[Instructions to follow]
All records below are to be set down precisely as written, excluding pictures.

Stored items from a collection:
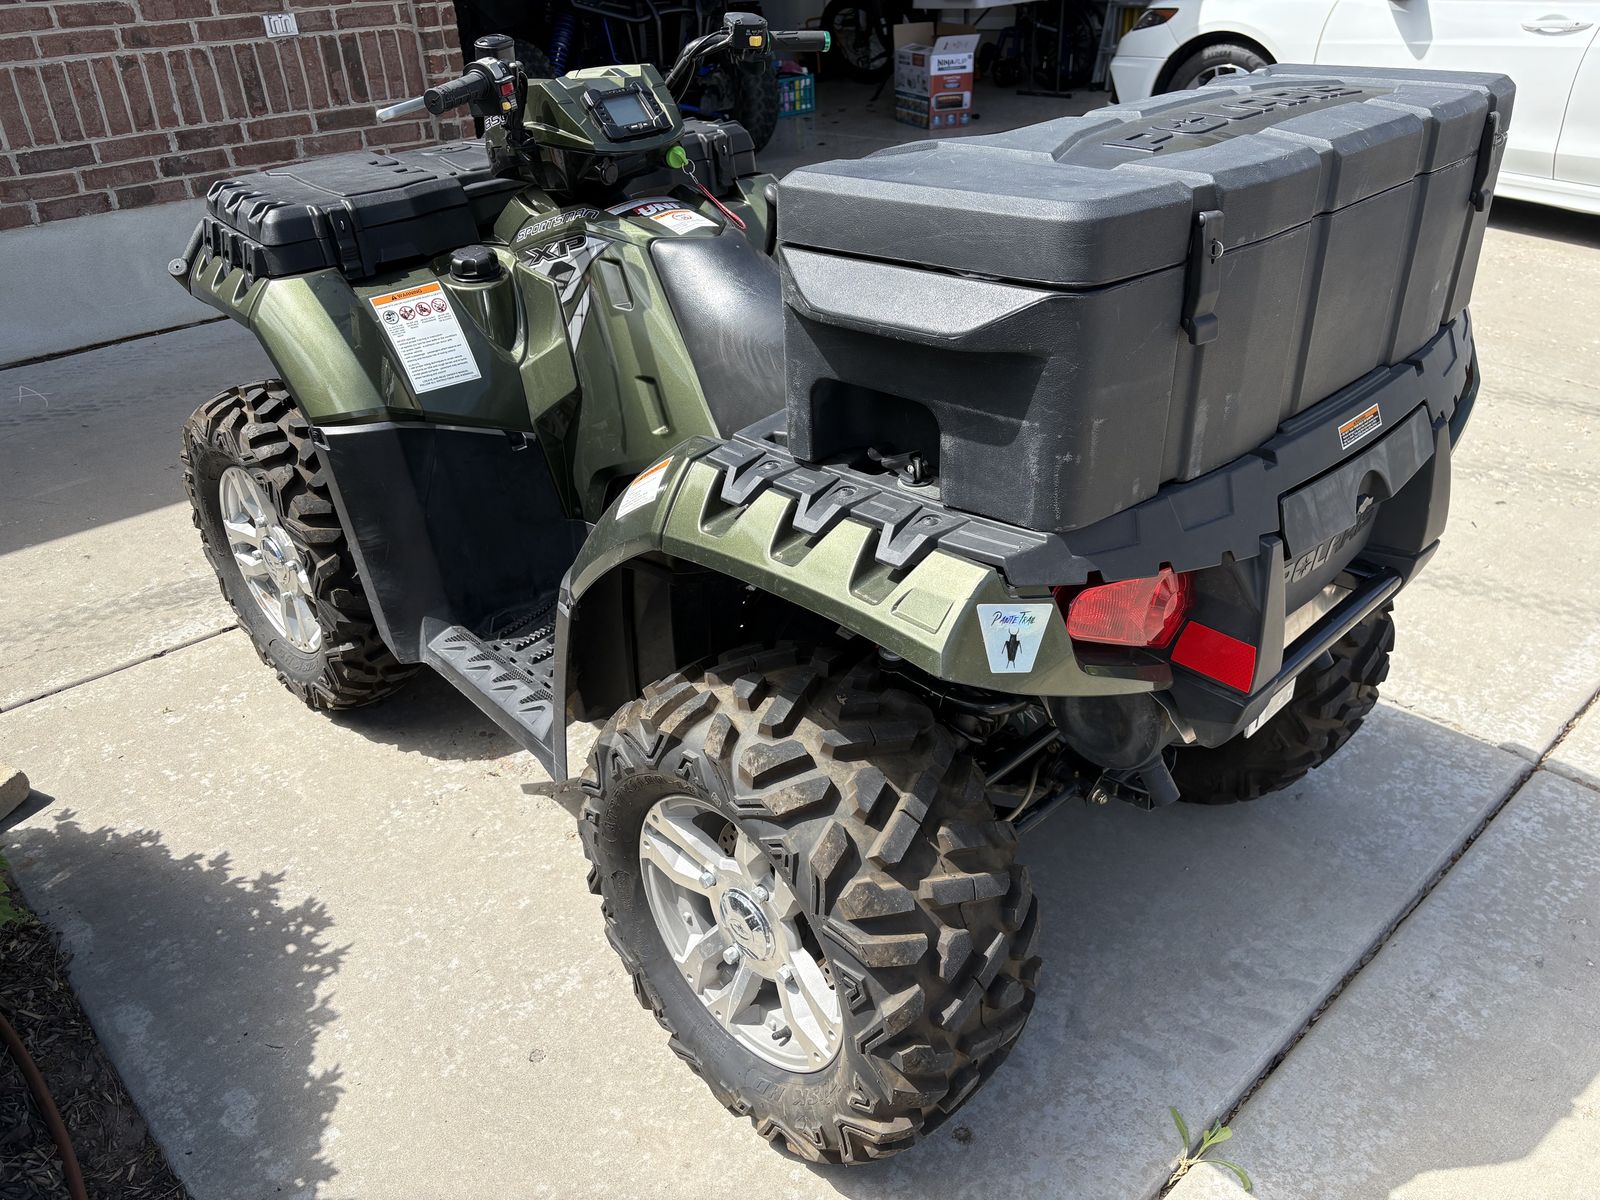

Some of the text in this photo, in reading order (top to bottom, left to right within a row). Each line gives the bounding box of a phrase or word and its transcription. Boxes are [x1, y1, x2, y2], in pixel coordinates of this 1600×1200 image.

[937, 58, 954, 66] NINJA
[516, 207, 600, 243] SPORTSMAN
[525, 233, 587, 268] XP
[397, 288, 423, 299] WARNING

[Your response]
Some of the text in this photo, in reading order (top to bottom, left to right within a row). Each line gives the bounding box of a phrase or word and its transcription. Boxes are [x1, y1, x2, y2], in pixel coordinates of this 1600×1200 image.

[937, 58, 954, 66] NINJA
[516, 207, 600, 243] SPORTSMAN
[525, 233, 587, 268] XP
[397, 288, 423, 299] WARNING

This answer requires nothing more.